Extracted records
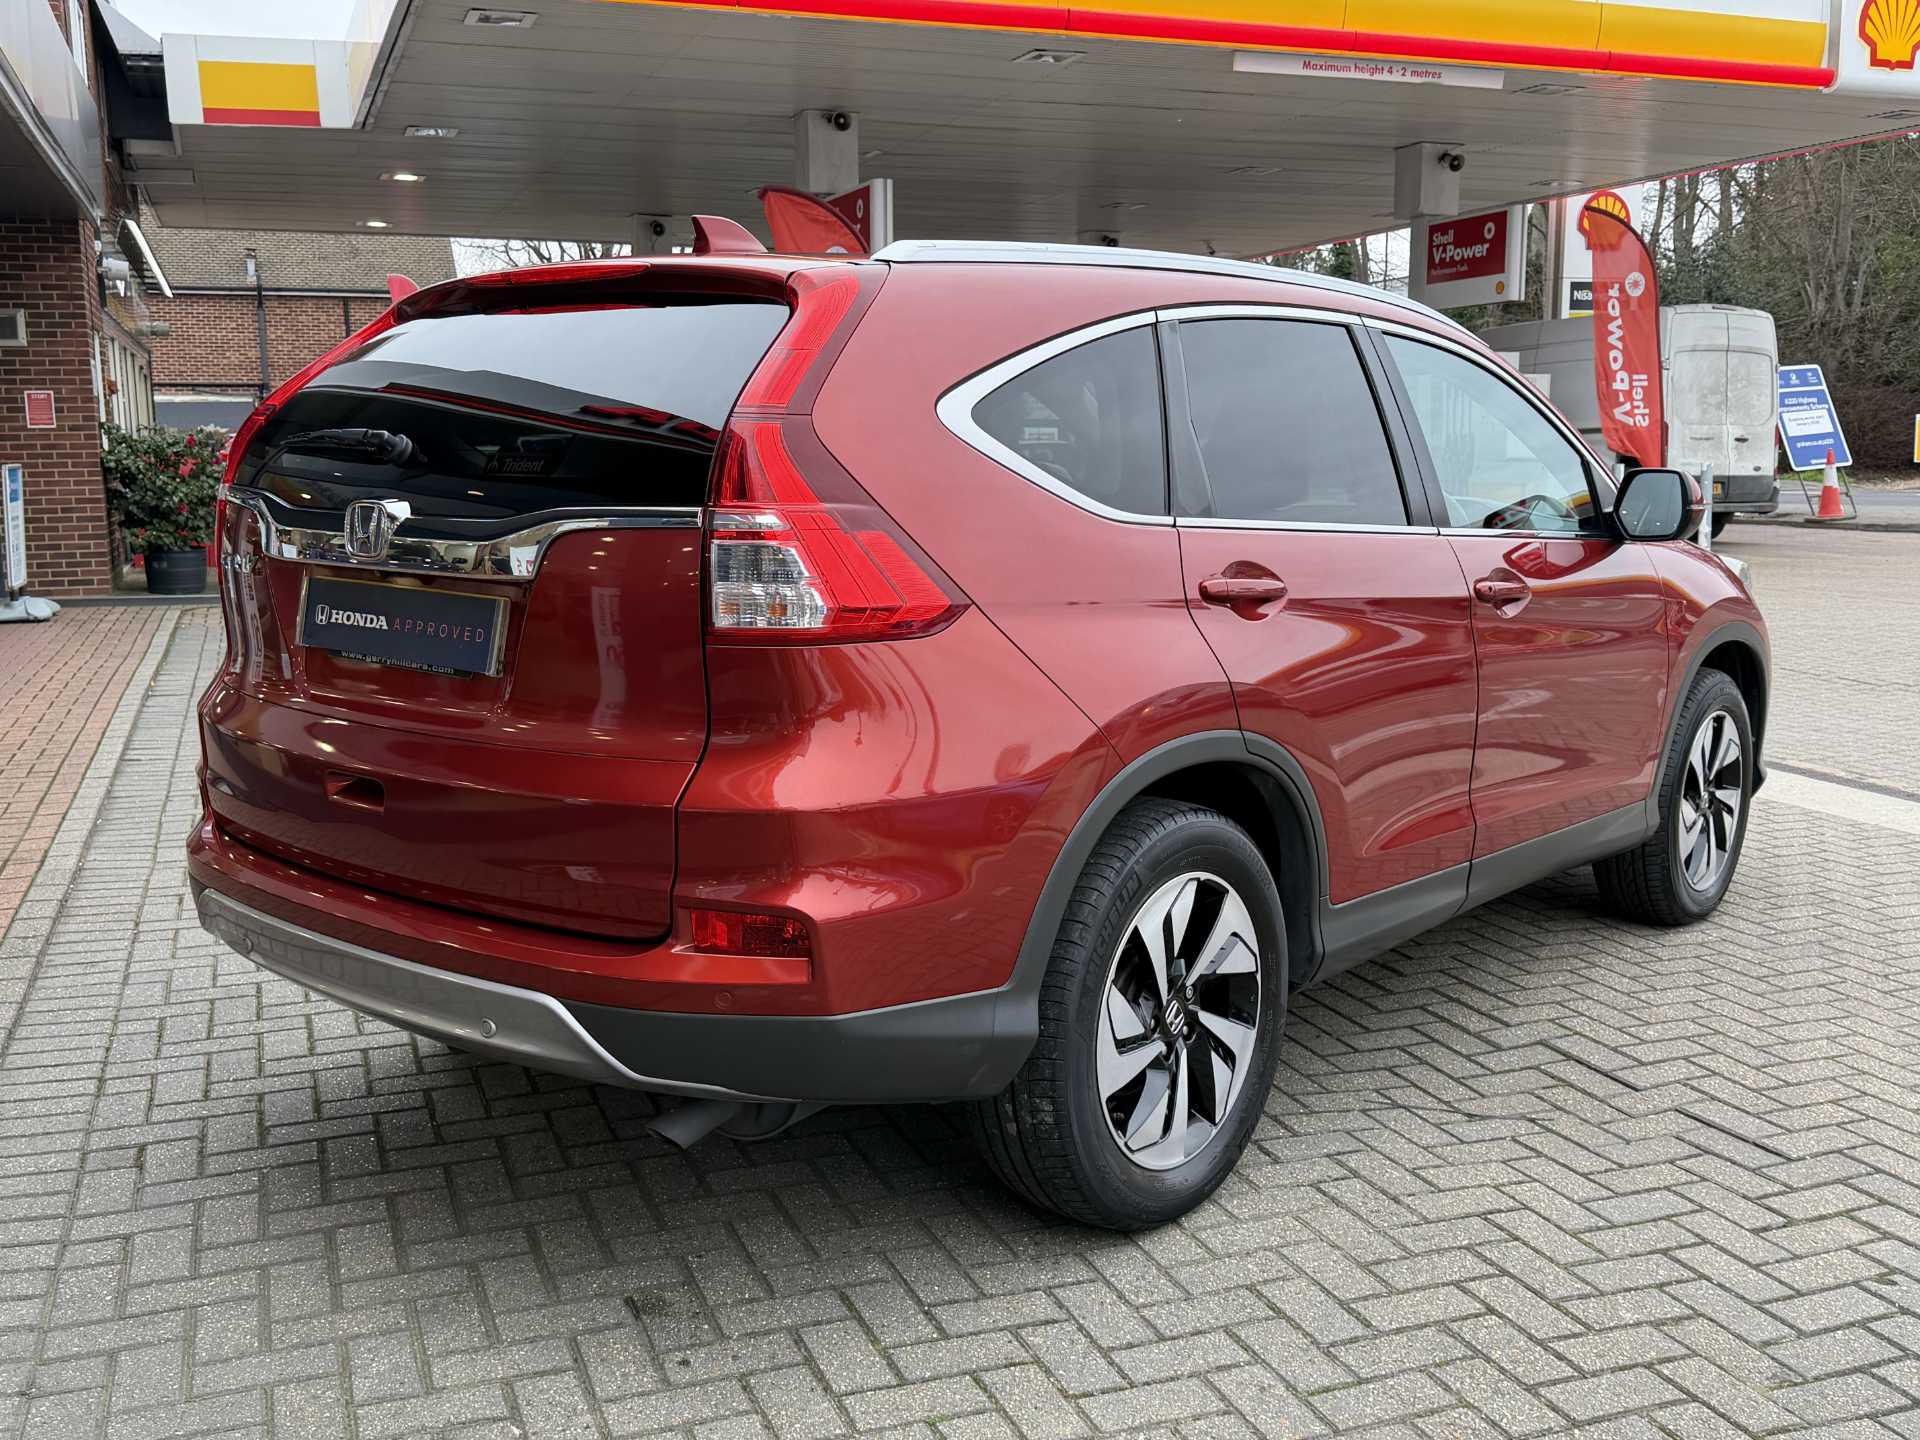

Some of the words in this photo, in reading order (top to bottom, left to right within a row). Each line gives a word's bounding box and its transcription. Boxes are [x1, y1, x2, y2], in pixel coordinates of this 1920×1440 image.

[1302, 59, 1351, 73] Maximum
[1354, 62, 1384, 77] height
[1410, 68, 1442, 80] metres
[1432, 229, 1454, 246] Shell
[1432, 242, 1490, 264] V-Power
[503, 458, 544, 472] Trident
[331, 609, 389, 630] HONDA
[392, 617, 485, 642] APPROVED

**WHAT YOU SHOULD DO**
Retype the records above line for line and exactly, omitting their pictures.

**YOUR RESPONSE**
Some of the words in this photo, in reading order (top to bottom, left to right within a row). Each line gives a word's bounding box and its transcription. Boxes are [x1, y1, x2, y2], in pixel coordinates of this 1920×1440 image.

[1302, 59, 1351, 73] Maximum
[1354, 62, 1384, 77] height
[1410, 68, 1442, 80] metres
[1432, 229, 1454, 246] Shell
[1432, 242, 1490, 264] V-Power
[503, 458, 544, 472] Trident
[331, 609, 389, 630] HONDA
[392, 617, 485, 642] APPROVED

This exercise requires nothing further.